■ Record set ■
------------------------------------------------------------------------

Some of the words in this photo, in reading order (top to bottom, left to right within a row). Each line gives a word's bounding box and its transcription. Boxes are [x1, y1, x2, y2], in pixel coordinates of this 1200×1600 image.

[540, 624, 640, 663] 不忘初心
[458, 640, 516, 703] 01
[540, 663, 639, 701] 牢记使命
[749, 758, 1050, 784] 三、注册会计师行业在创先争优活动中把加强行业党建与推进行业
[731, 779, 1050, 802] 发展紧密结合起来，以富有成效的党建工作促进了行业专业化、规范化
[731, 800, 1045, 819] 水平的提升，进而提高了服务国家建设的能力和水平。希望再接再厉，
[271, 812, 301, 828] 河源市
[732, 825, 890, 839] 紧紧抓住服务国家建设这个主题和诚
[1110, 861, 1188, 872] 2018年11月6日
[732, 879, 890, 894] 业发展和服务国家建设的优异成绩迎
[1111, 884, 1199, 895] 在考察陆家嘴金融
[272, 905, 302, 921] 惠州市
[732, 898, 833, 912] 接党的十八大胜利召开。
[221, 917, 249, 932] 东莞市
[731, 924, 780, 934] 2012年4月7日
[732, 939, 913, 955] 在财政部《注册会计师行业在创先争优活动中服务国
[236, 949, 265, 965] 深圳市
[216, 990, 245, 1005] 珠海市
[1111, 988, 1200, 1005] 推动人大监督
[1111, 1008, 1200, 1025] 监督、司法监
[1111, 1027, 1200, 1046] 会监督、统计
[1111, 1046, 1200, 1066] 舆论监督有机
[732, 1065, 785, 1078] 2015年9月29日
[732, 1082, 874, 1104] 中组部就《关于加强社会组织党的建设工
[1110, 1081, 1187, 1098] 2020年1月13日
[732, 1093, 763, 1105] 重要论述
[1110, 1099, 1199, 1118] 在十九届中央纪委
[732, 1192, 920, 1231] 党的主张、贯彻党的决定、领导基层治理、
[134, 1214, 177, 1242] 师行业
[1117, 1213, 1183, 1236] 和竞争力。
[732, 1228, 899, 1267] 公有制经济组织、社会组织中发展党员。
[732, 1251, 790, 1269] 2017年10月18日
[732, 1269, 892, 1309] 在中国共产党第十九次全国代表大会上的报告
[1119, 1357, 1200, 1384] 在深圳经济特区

------------------------------------------------------------------------

■ About this task ■
Copy each of the records above so that nothing differs from the original.

■ Task answer ■
Some of the words in this photo, in reading order (top to bottom, left to right within a row). Each line gives a word's bounding box and its transcription. Boxes are [x1, y1, x2, y2], in pixel coordinates of this 1200×1600 image.

[540, 624, 640, 663] 不忘初心
[458, 640, 516, 703] 01
[540, 663, 639, 701] 牢记使命
[749, 758, 1050, 784] 三、注册会计师行业在创先争优活动中把加强行业党建与推进行业
[731, 779, 1050, 802] 发展紧密结合起来，以富有成效的党建工作促进了行业专业化、规范化
[731, 800, 1045, 819] 水平的提升，进而提高了服务国家建设的能力和水平。希望再接再厉，
[271, 812, 301, 828] 河源市
[732, 825, 890, 839] 紧紧抓住服务国家建设这个主题和诚
[1110, 861, 1188, 872] 2018年11月6日
[732, 879, 890, 894] 业发展和服务国家建设的优异成绩迎
[1111, 884, 1199, 895] 在考察陆家嘴金融
[272, 905, 302, 921] 惠州市
[732, 898, 833, 912] 接党的十八大胜利召开。
[221, 917, 249, 932] 东莞市
[731, 924, 780, 934] 2012年4月7日
[732, 939, 913, 955] 在财政部《注册会计师行业在创先争优活动中服务国
[236, 949, 265, 965] 深圳市
[216, 990, 245, 1005] 珠海市
[1111, 988, 1200, 1005] 推动人大监督
[1111, 1008, 1200, 1025] 监督、司法监
[1111, 1027, 1200, 1046] 会监督、统计
[1111, 1046, 1200, 1066] 舆论监督有机
[732, 1065, 785, 1078] 2015年9月29日
[732, 1082, 874, 1104] 中组部就《关于加强社会组织党的建设工
[1110, 1081, 1187, 1098] 2020年1月13日
[732, 1093, 763, 1105] 重要论述
[1110, 1099, 1199, 1118] 在十九届中央纪委
[732, 1192, 920, 1231] 党的主张、贯彻党的决定、领导基层治理、
[134, 1214, 177, 1242] 师行业
[1117, 1213, 1183, 1236] 和竞争力。
[732, 1228, 899, 1267] 公有制经济组织、社会组织中发展党员。
[732, 1251, 790, 1269] 2017年10月18日
[732, 1269, 892, 1309] 在中国共产党第十九次全国代表大会上的报告
[1119, 1357, 1200, 1384] 在深圳经济特区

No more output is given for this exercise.